## EXERCISE DESCRIPTION
Could you write out the listing below again, exactly?

── DATA FOR THE TASK

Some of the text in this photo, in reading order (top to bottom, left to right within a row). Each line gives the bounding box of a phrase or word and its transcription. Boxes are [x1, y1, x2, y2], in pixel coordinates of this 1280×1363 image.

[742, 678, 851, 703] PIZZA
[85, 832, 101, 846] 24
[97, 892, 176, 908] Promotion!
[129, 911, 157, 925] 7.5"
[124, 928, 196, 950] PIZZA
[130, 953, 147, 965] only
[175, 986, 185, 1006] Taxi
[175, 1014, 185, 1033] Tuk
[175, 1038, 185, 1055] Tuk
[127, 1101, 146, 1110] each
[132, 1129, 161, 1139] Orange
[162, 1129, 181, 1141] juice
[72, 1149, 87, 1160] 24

────

## RESULT FOR THIS TASK
Some of the text in this photo, in reading order (top to bottom, left to right within a row). Each line gives the bounding box of a phrase or word and its transcription. Boxes are [x1, y1, x2, y2], in pixel coordinates of this 1280×1363 image.

[742, 678, 851, 703] PIZZA
[85, 832, 101, 846] 24
[97, 892, 176, 908] Promotion!
[129, 911, 157, 925] 7.5"
[124, 928, 196, 950] PIZZA
[130, 953, 147, 965] only
[175, 986, 185, 1006] Taxi
[175, 1014, 185, 1033] Tuk
[175, 1038, 185, 1055] Tuk
[127, 1101, 146, 1110] each
[132, 1129, 161, 1139] Orange
[162, 1129, 181, 1141] juice
[72, 1149, 87, 1160] 24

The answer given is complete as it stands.